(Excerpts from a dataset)
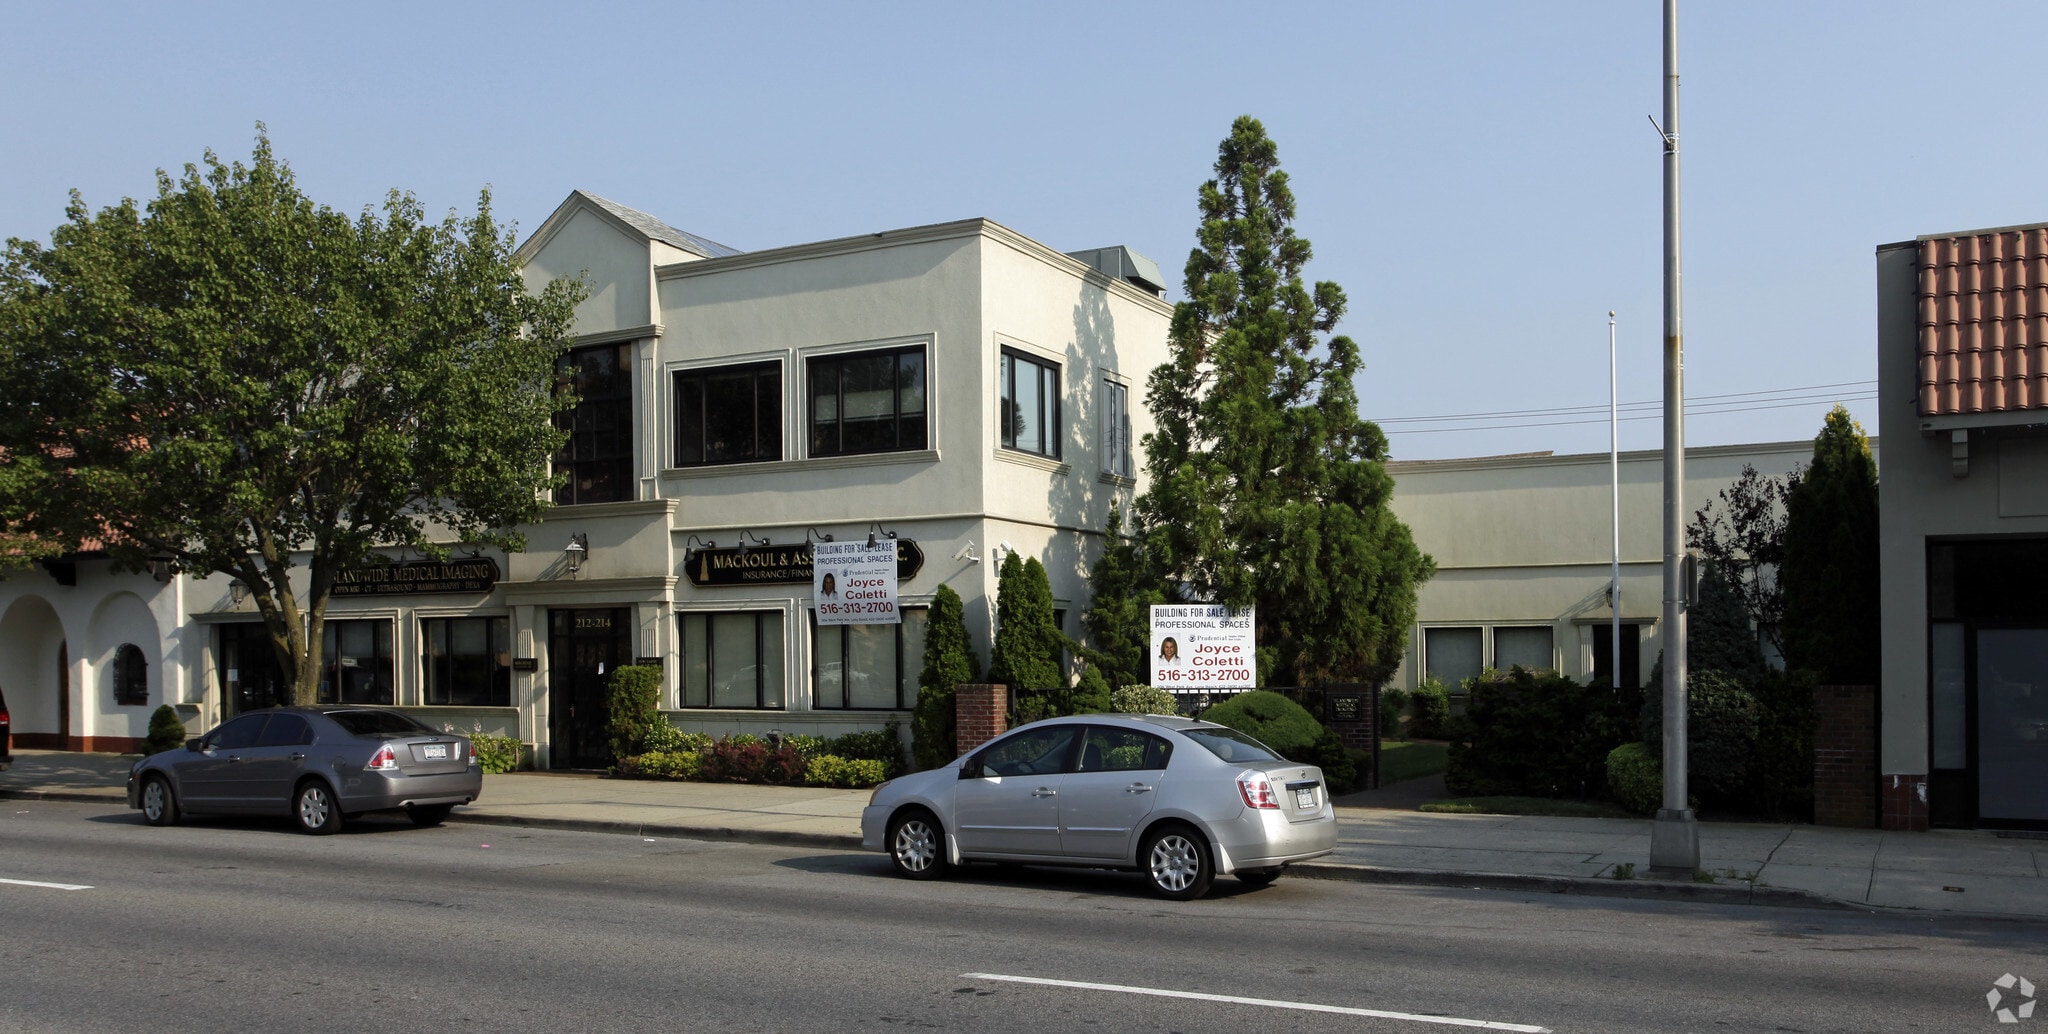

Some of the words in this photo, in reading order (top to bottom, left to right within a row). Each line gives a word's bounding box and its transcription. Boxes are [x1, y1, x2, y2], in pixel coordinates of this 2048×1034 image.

[817, 545, 842, 555] BUILDING
[844, 544, 855, 554] FOR
[874, 542, 892, 552] LEASE
[714, 552, 776, 569] MACKOUL
[780, 552, 788, 566] &
[817, 556, 865, 565] PROFESSIONAL
[867, 554, 893, 563] SPACES
[393, 565, 439, 582] MEDICAL
[442, 563, 489, 580] IMAGING
[377, 583, 413, 592] ULTRASOUND
[847, 578, 885, 589] Joyce
[845, 589, 887, 600] Coletti
[820, 601, 893, 615] 516-313-2700
[1155, 608, 1188, 617] BUILDING
[1190, 608, 1204, 617] FOR
[1206, 607, 1224, 617] SALE
[575, 618, 611, 628] 212-214
[1155, 620, 1216, 629] PROFESSIONAL
[1219, 620, 1250, 629] SPACES
[1194, 643, 1241, 655] Joyce
[1192, 656, 1244, 666] Coletti
[1158, 669, 1250, 681] 516-313-2700

» WHAT IS REQUIRED
When you repeat the data, keep every line exact and drop the images.

» YOUR SOLUTION
Some of the words in this photo, in reading order (top to bottom, left to right within a row). Each line gives a word's bounding box and its transcription. Boxes are [x1, y1, x2, y2], in pixel coordinates of this 2048×1034 image.

[817, 545, 842, 555] BUILDING
[844, 544, 855, 554] FOR
[874, 542, 892, 552] LEASE
[714, 552, 776, 569] MACKOUL
[780, 552, 788, 566] &
[817, 556, 865, 565] PROFESSIONAL
[867, 554, 893, 563] SPACES
[393, 565, 439, 582] MEDICAL
[442, 563, 489, 580] IMAGING
[377, 583, 413, 592] ULTRASOUND
[847, 578, 885, 589] Joyce
[845, 589, 887, 600] Coletti
[820, 601, 893, 615] 516-313-2700
[1155, 608, 1188, 617] BUILDING
[1190, 608, 1204, 617] FOR
[1206, 607, 1224, 617] SALE
[575, 618, 611, 628] 212-214
[1155, 620, 1216, 629] PROFESSIONAL
[1219, 620, 1250, 629] SPACES
[1194, 643, 1241, 655] Joyce
[1192, 656, 1244, 666] Coletti
[1158, 669, 1250, 681] 516-313-2700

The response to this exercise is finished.